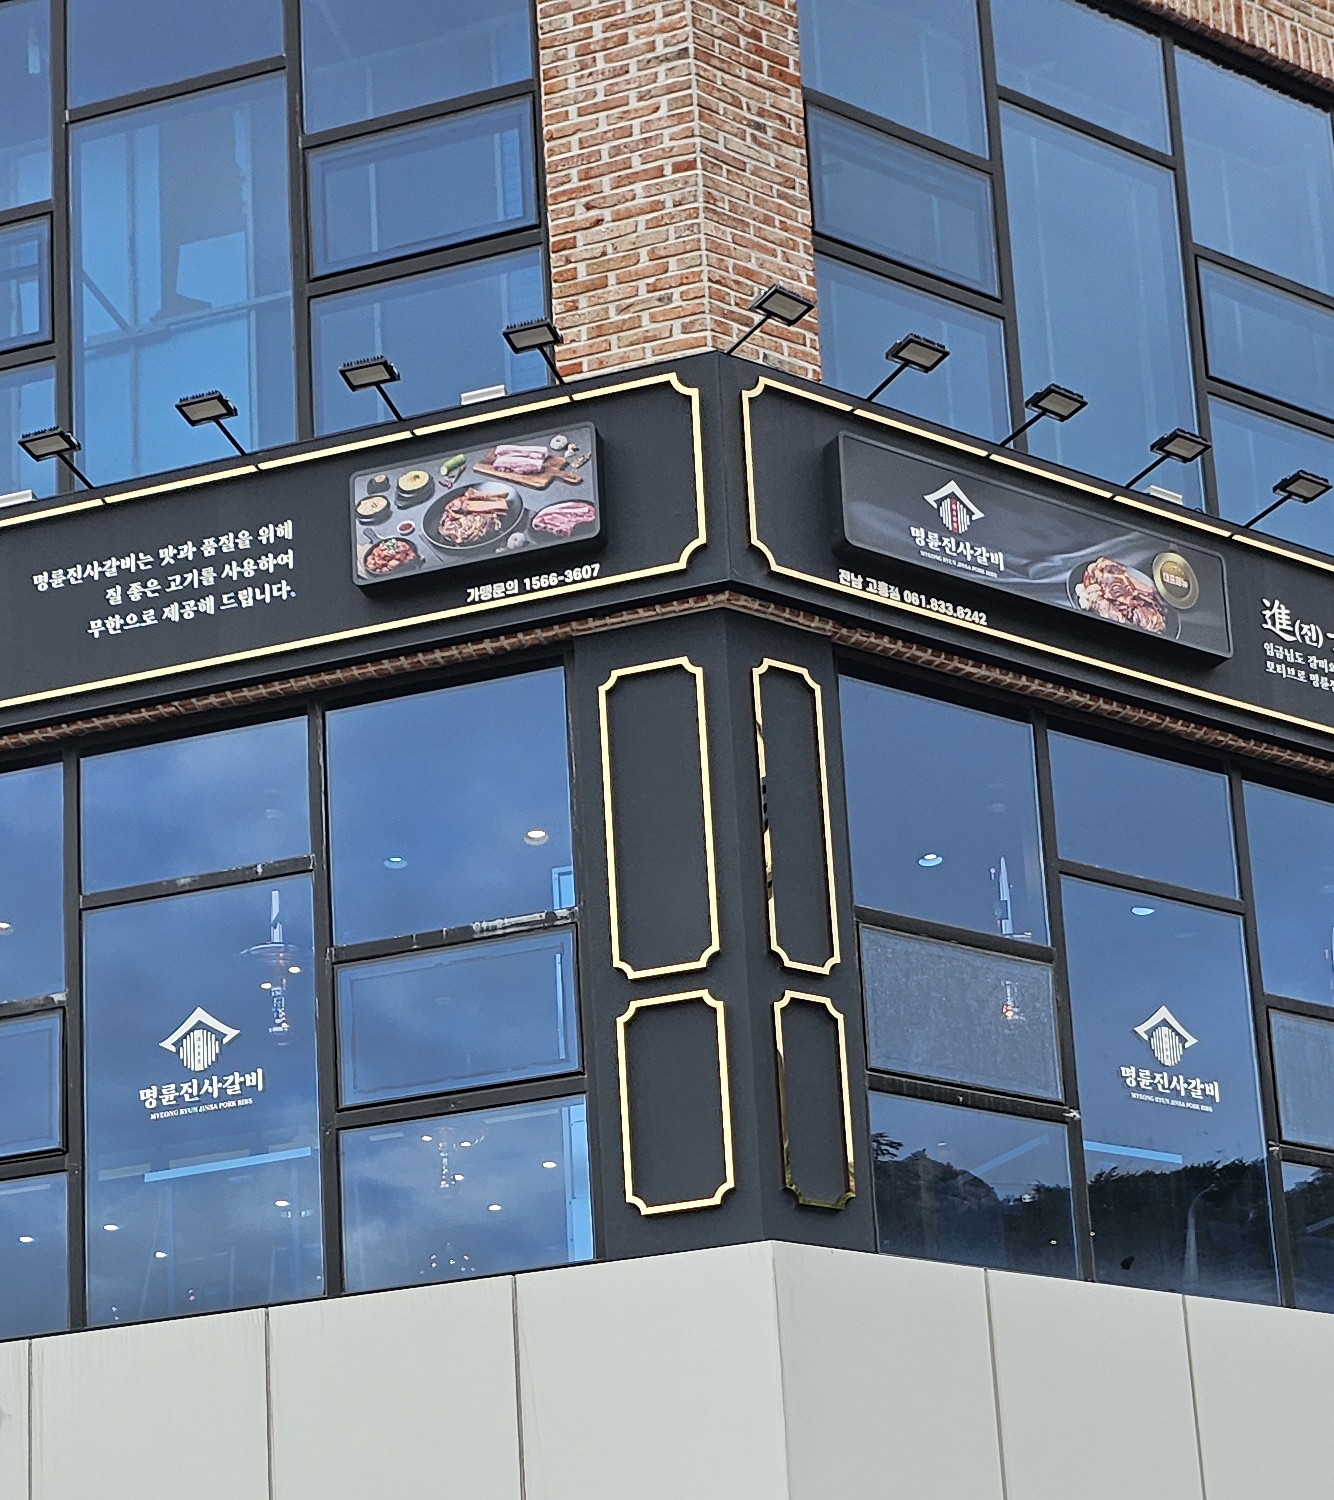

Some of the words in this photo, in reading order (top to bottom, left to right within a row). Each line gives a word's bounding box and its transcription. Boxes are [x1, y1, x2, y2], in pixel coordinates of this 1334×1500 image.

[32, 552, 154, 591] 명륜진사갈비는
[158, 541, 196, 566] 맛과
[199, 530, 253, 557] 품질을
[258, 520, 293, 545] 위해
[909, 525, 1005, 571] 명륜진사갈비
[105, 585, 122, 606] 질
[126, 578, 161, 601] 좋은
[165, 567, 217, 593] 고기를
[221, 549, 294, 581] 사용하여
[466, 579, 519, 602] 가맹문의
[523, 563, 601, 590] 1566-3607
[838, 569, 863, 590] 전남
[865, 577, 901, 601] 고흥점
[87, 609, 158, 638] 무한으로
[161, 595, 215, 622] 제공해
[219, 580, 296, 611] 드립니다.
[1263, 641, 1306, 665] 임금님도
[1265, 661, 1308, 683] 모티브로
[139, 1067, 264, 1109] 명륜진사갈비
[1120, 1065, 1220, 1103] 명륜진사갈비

▸ ASSIGNMENT
Everything in the listing should be repeated exactly except the pictures.

▸ WRITTEN RESPONSE
Some of the words in this photo, in reading order (top to bottom, left to right within a row). Each line gives a word's bounding box and its transcription. Boxes are [x1, y1, x2, y2], in pixel coordinates of this 1334×1500 image.

[32, 552, 154, 591] 명륜진사갈비는
[158, 541, 196, 566] 맛과
[199, 530, 253, 557] 품질을
[258, 520, 293, 545] 위해
[909, 525, 1005, 571] 명륜진사갈비
[105, 585, 122, 606] 질
[126, 578, 161, 601] 좋은
[165, 567, 217, 593] 고기를
[221, 549, 294, 581] 사용하여
[466, 579, 519, 602] 가맹문의
[523, 563, 601, 590] 1566-3607
[838, 569, 863, 590] 전남
[865, 577, 901, 601] 고흥점
[87, 609, 158, 638] 무한으로
[161, 595, 215, 622] 제공해
[219, 580, 296, 611] 드립니다.
[1263, 641, 1306, 665] 임금님도
[1265, 661, 1308, 683] 모티브로
[139, 1067, 264, 1109] 명륜진사갈비
[1120, 1065, 1220, 1103] 명륜진사갈비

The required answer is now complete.